As an average adult in Western society, if someone tells me that something costs a dollar, I have the background knowledge about how I can attain a dollar, and the various means with which I can transmit that dollar to the other party.
Which has nothing much to do with how many steps you have to take to get that Dollar. Even though Bitcoin is pretty new, any teenager will know long before you ever heard of it if it's interesting to them in some way (because the other kids show up in school with it, they need it for some online thing or whatever). The same thing is true of many other new technologies that the current generation takes for granted. Their thumbs are apparently now the most developed because of SMS, while for older generations it was the index finger. How long does Facebook exist and how many people do you know who hasn't heard of it? You underestimate how fast something new can spread.
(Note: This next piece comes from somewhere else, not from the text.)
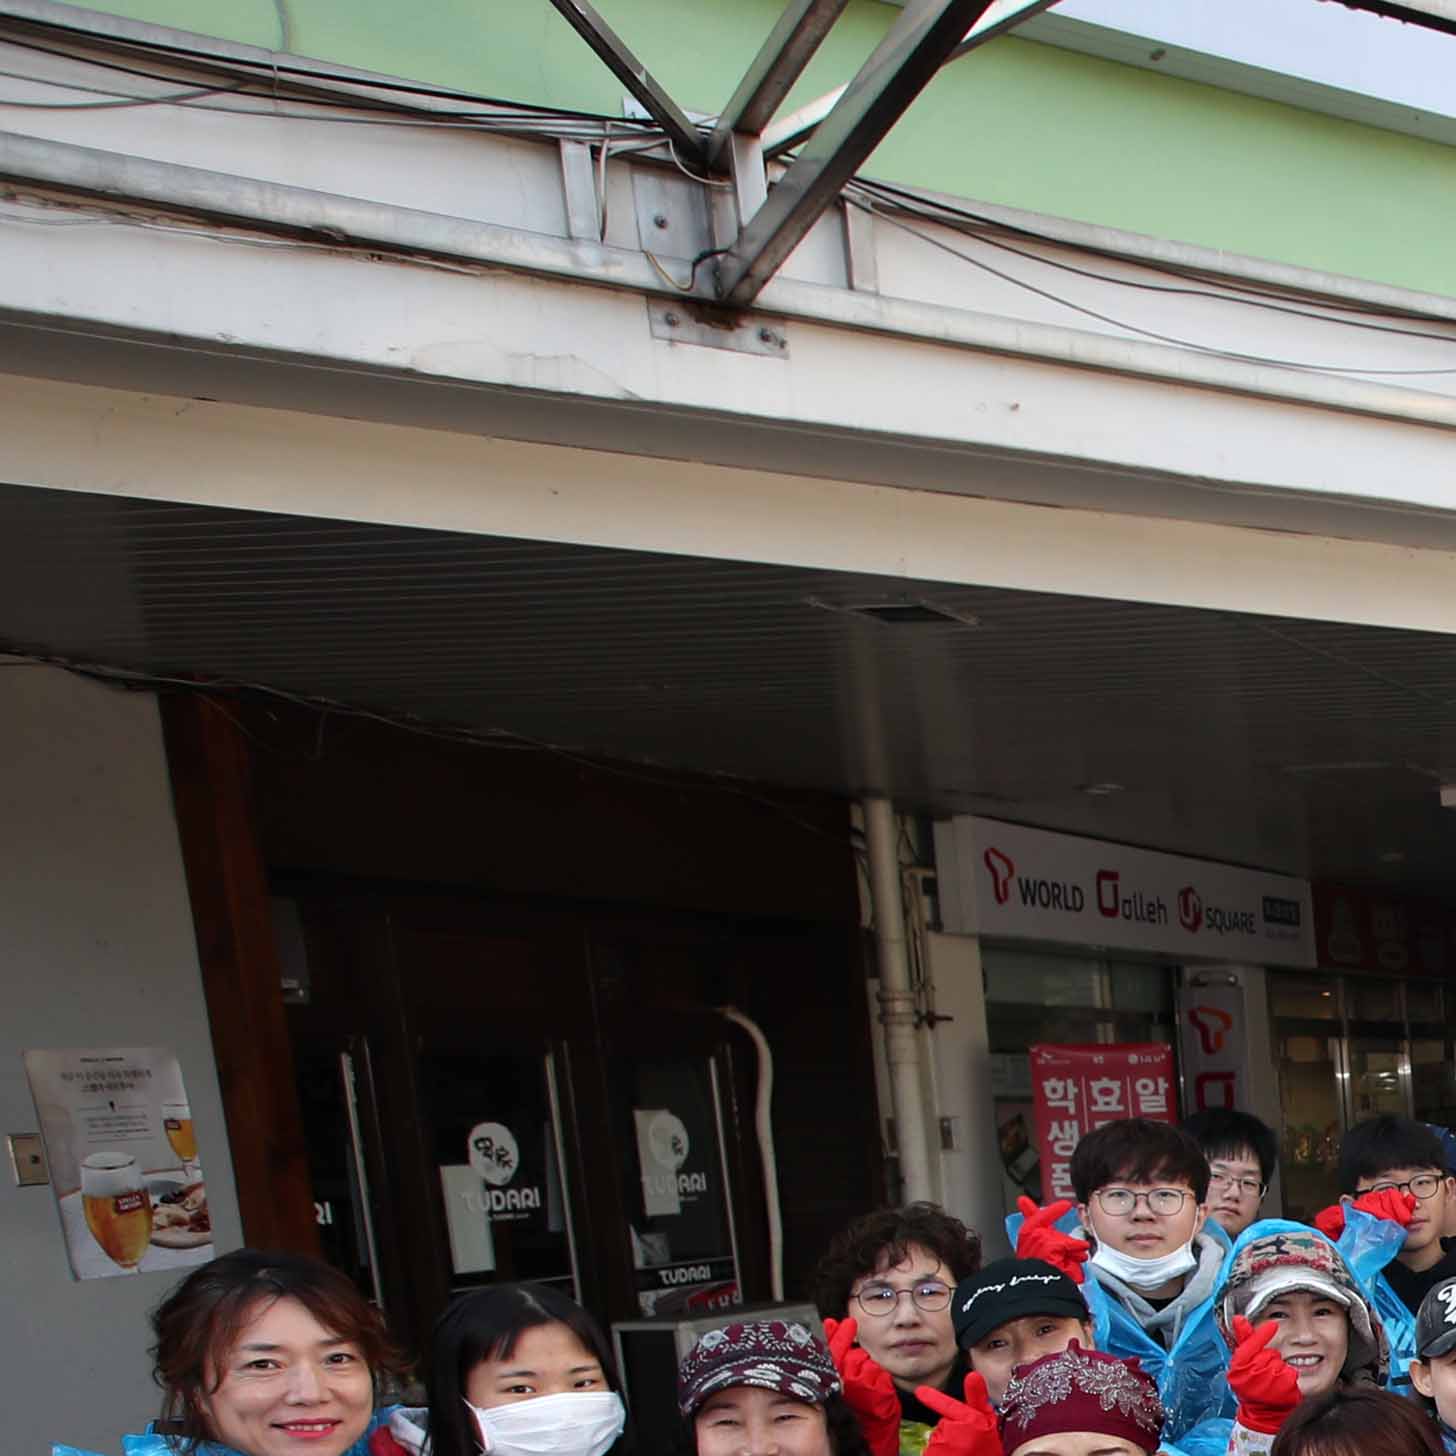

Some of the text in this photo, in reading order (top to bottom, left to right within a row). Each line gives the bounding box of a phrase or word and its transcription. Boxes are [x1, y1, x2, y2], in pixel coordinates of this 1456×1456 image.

The average adult does not know what a bitcoin is.
The average adult does not know a whole lot of things. Most won't ever care, as long as they aren't hungry or homeless. Or their children tell them.
Please come up with a more concise list of steps that you would tell someone to ensure that they were able to turn their dollars into bitcoins into a WoW subscription.
Not gonna waste time on that since you have made up your mind anyway. You should just know that probably half your items are or will be superfluous soon. There are already sites taking out the steps for conversion and allowing you to pay directly in Bitcoin. If Blizzard ever supported Bitcoin I'm pretty sure some would specialize on making this a one-click process. I expect online wallets and Bitcoin clients with built in CC to BTC via exchange plugins or similar will be commonplace in the not too distant future.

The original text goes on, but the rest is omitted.